> What you are asked to do
All entries need to be written out again exactly, without their pictures.

> Image-backed grounding data
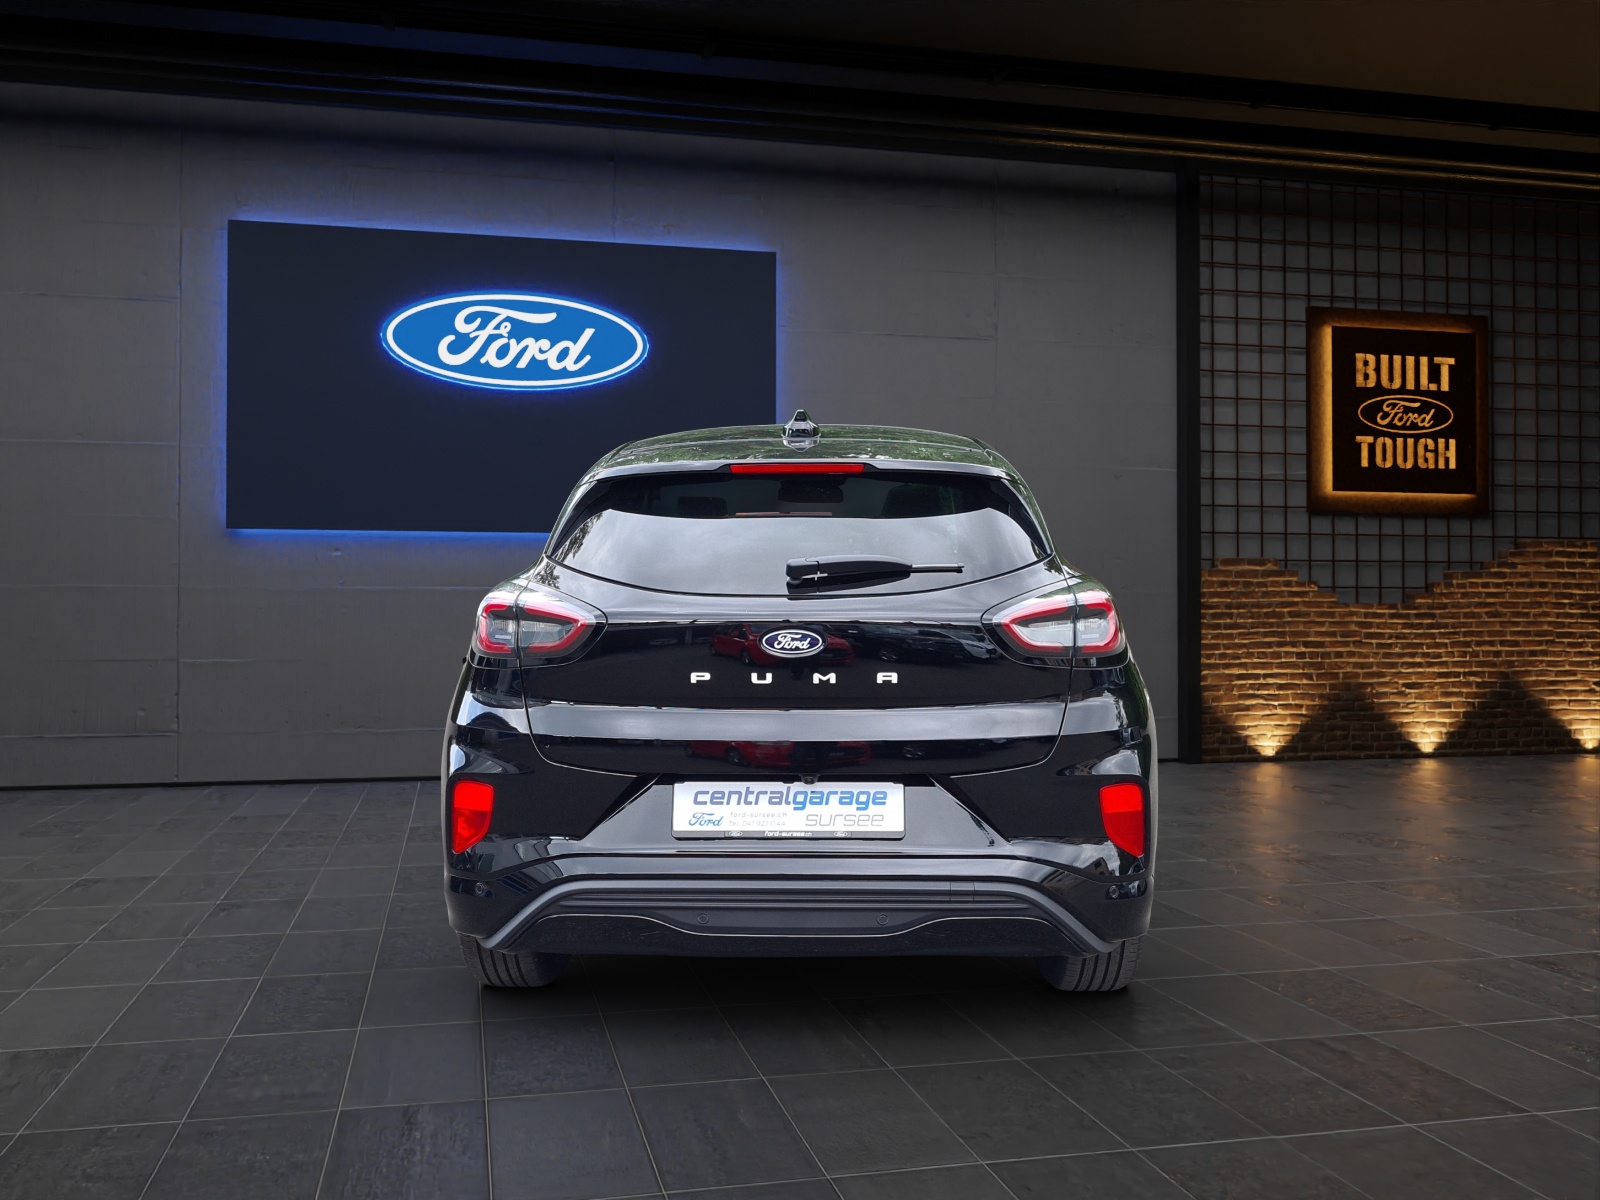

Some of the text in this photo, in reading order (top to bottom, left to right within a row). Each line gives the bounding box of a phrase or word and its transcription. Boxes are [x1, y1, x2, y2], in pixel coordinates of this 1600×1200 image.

[437, 305, 595, 371] Ford
[1355, 353, 1456, 391] BUILT
[1376, 399, 1436, 428] Ford
[1355, 435, 1457, 469] TOUGH
[773, 633, 811, 650] Ford
[690, 672, 898, 684] PUMA
[693, 786, 888, 811] centralgarage
[688, 811, 724, 827] Ford
[805, 813, 884, 827] sursee
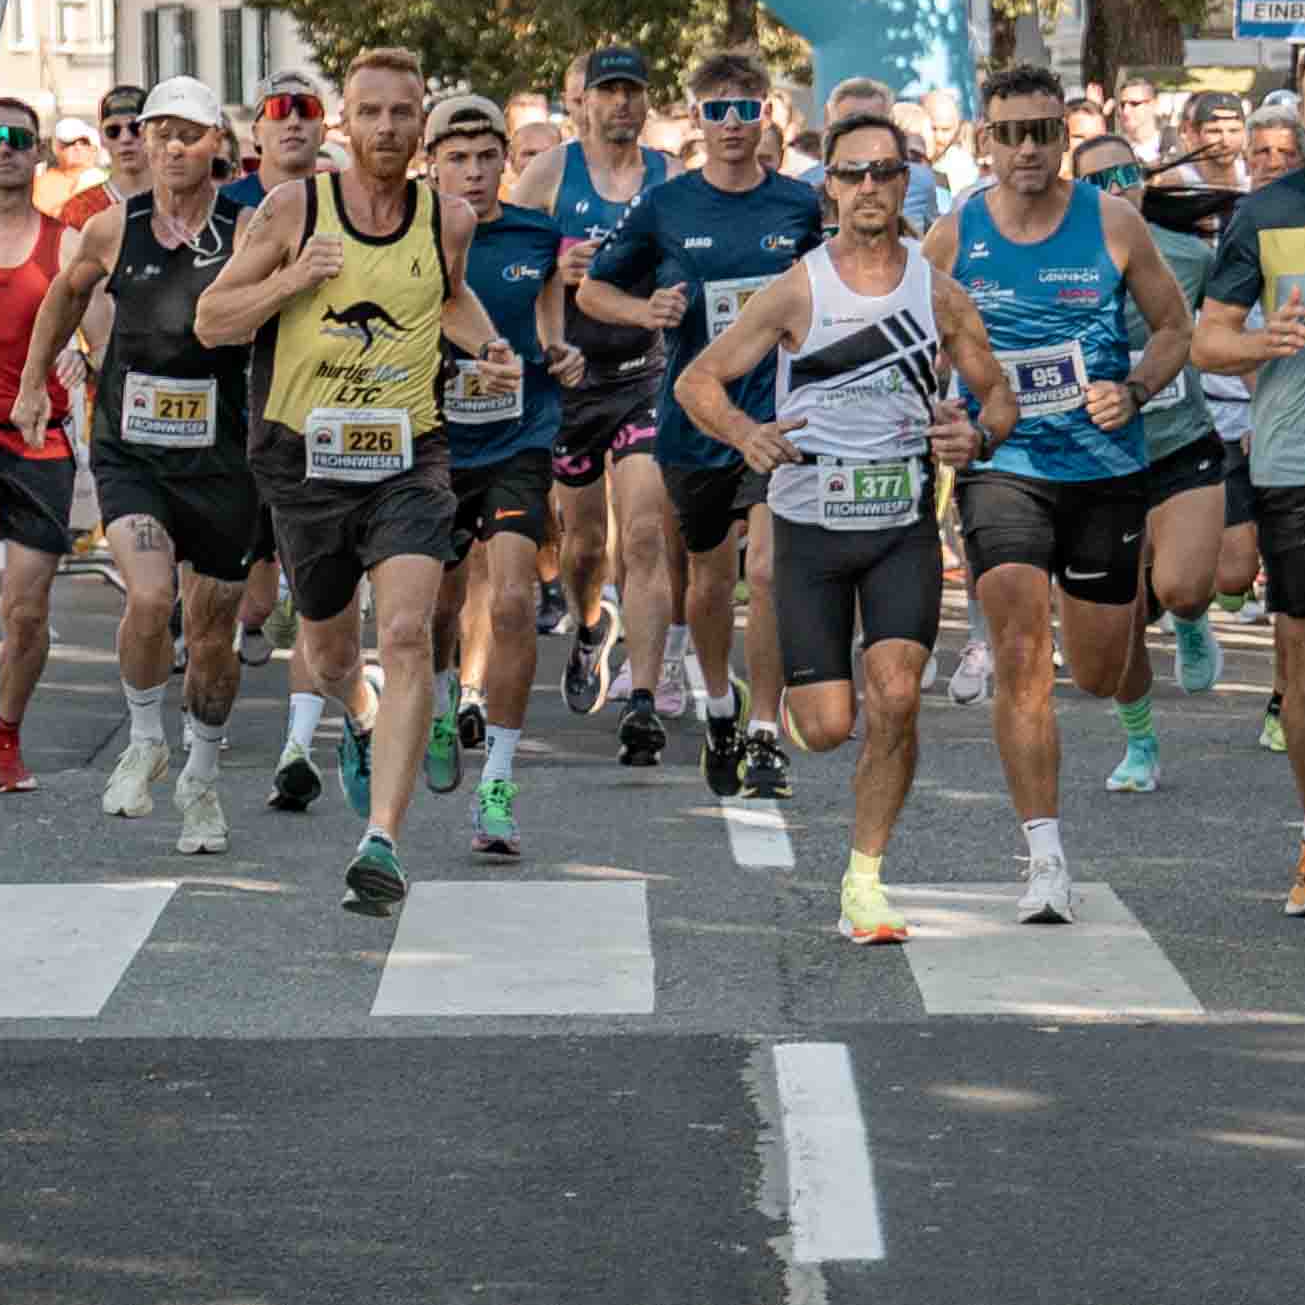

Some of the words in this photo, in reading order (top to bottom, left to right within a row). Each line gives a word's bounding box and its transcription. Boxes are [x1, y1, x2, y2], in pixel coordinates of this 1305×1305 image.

[1031, 367, 1062, 388] 95
[335, 385, 382, 403] LTC
[159, 399, 200, 418] 217
[349, 432, 393, 452] 226
[861, 476, 903, 498] 377
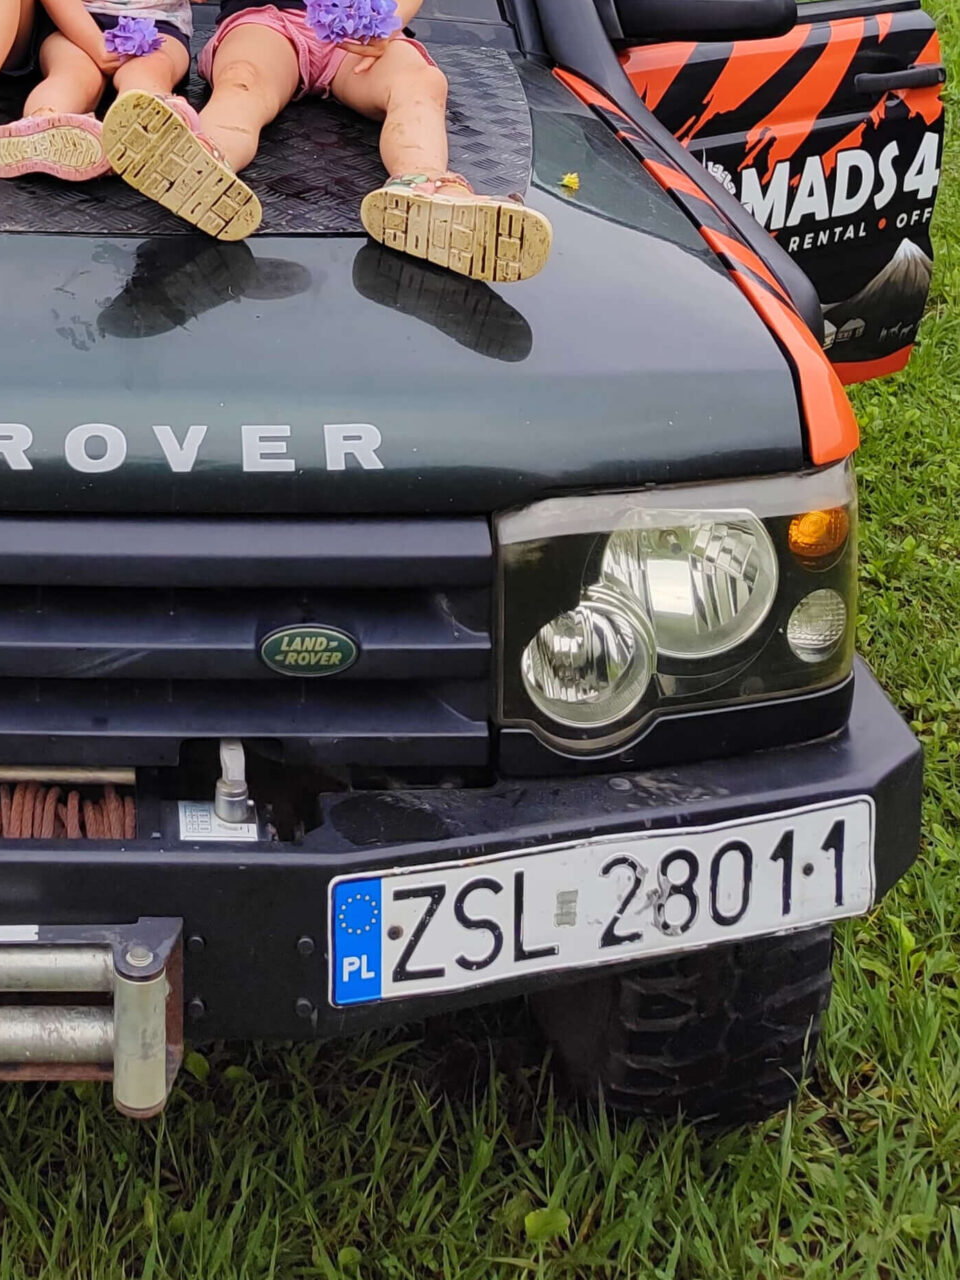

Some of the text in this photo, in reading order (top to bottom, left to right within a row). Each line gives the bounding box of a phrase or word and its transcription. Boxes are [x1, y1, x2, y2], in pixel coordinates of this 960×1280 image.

[789, 207, 933, 253] RENTAL OFF
[280, 636, 328, 651] LAND
[284, 652, 343, 665] ROVER
[391, 817, 846, 983] ZSL 28011
[342, 954, 376, 983] PL
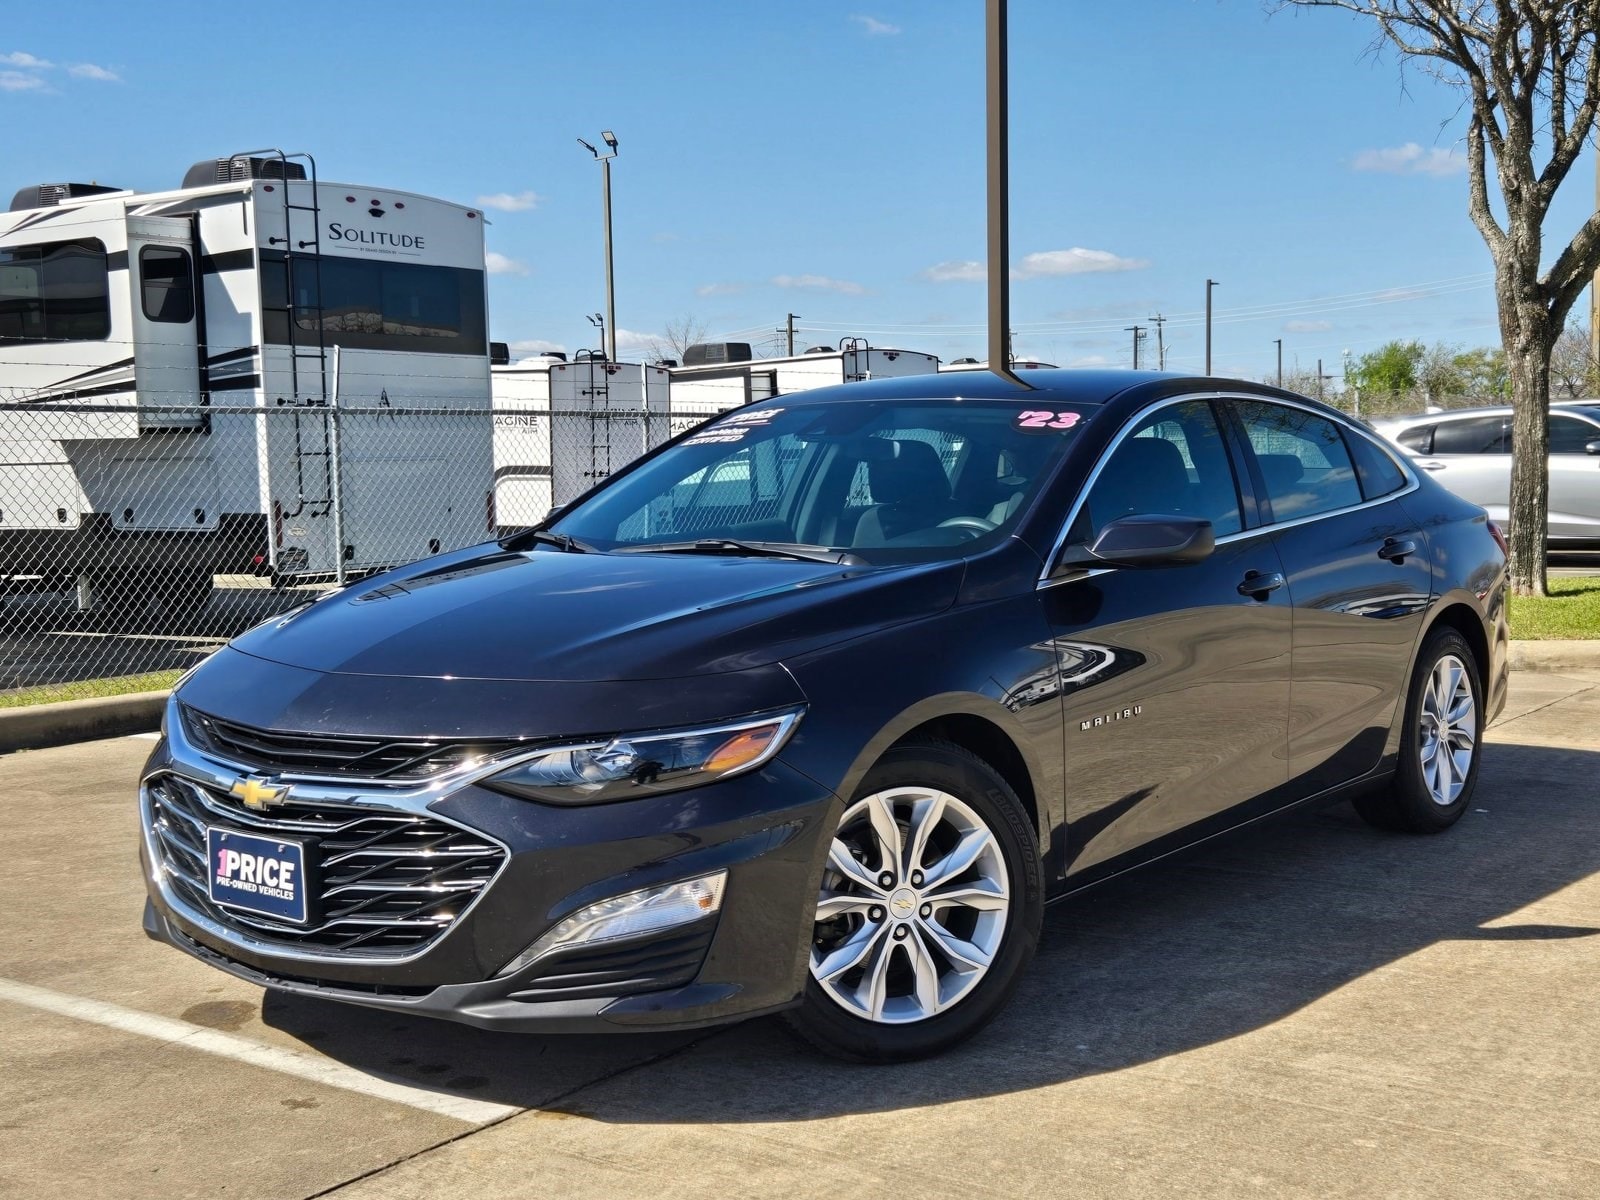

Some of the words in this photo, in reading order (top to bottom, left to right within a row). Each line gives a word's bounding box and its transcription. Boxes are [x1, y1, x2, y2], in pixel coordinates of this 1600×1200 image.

[329, 223, 425, 249] SOLITUDE
[1080, 705, 1142, 731] MALIBU
[216, 876, 258, 893] PRE-OWNED
[259, 885, 295, 901] VEHICLES
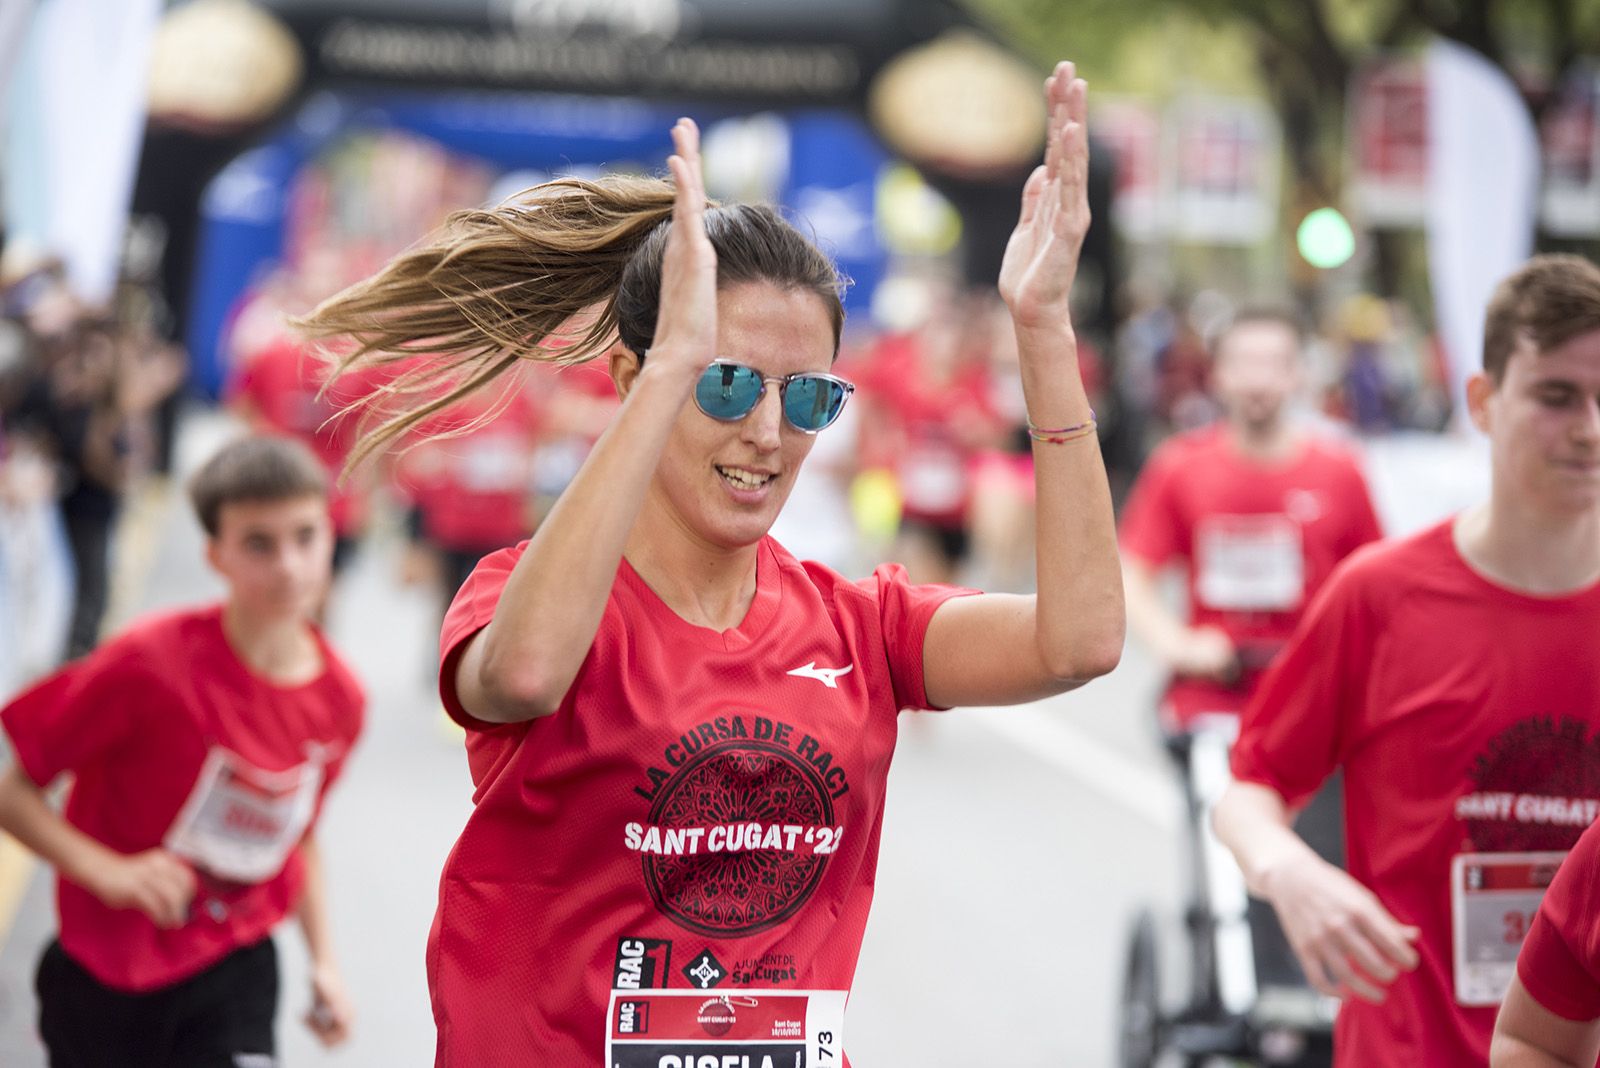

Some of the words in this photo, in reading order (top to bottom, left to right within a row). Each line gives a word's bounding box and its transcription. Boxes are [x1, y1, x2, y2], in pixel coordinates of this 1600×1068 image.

> Response below
Some of the text in this photo, in reading order (top to bottom, left to right within a row). Each line gives the bounding box of a phrase or word and its transcription. Boxes are [x1, y1, x2, y2], in pixel coordinates of this 1600×1200 image.

[437, 305, 595, 371] Ford
[1355, 353, 1456, 391] BUILT
[1376, 399, 1436, 428] Ford
[1355, 435, 1457, 469] TOUGH
[773, 633, 811, 650] Ford
[690, 672, 898, 684] PUMA
[693, 786, 888, 811] centralgarage
[688, 811, 724, 827] Ford
[805, 813, 884, 827] sursee

Some of the words in this photo, in reading order (top to bottom, left to right within a row). Each line gives a word's bounding box and its transcription. Boxes are [x1, y1, x2, y2], in pixel coordinates of this 1305×1305 image.

[1031, 367, 1062, 388] 95
[335, 385, 382, 403] LTC
[159, 399, 200, 418] 217
[349, 432, 393, 452] 226
[861, 476, 903, 498] 377

Some of the text in this photo, in reading order (top to bottom, left to right within a row). Each line gives the bounding box of a phrase or word and its transcription. Boxes are [x1, y1, x2, y2], in pixel coordinates of this 960×1280 image.

[789, 207, 933, 253] RENTAL OFF
[280, 636, 328, 651] LAND
[284, 652, 343, 665] ROVER
[391, 817, 846, 983] ZSL 28011
[342, 954, 376, 983] PL

Some of the words in this photo, in reading order (top to bottom, left to right within a row). Each line gives a word's bounding box and its transcription. Boxes are [x1, y1, x2, y2], in pixel coordinates of this 1600×1200 image.

[329, 223, 425, 249] SOLITUDE
[1080, 705, 1142, 731] MALIBU
[216, 876, 258, 893] PRE-OWNED
[259, 885, 295, 901] VEHICLES

Some of the words in this photo, in reading order (top to bottom, left to right within a row). Each line gives a word's bounding box and its transcription. Boxes are [x1, y1, x2, y2], in pixel coordinates of this 1600×1068 image.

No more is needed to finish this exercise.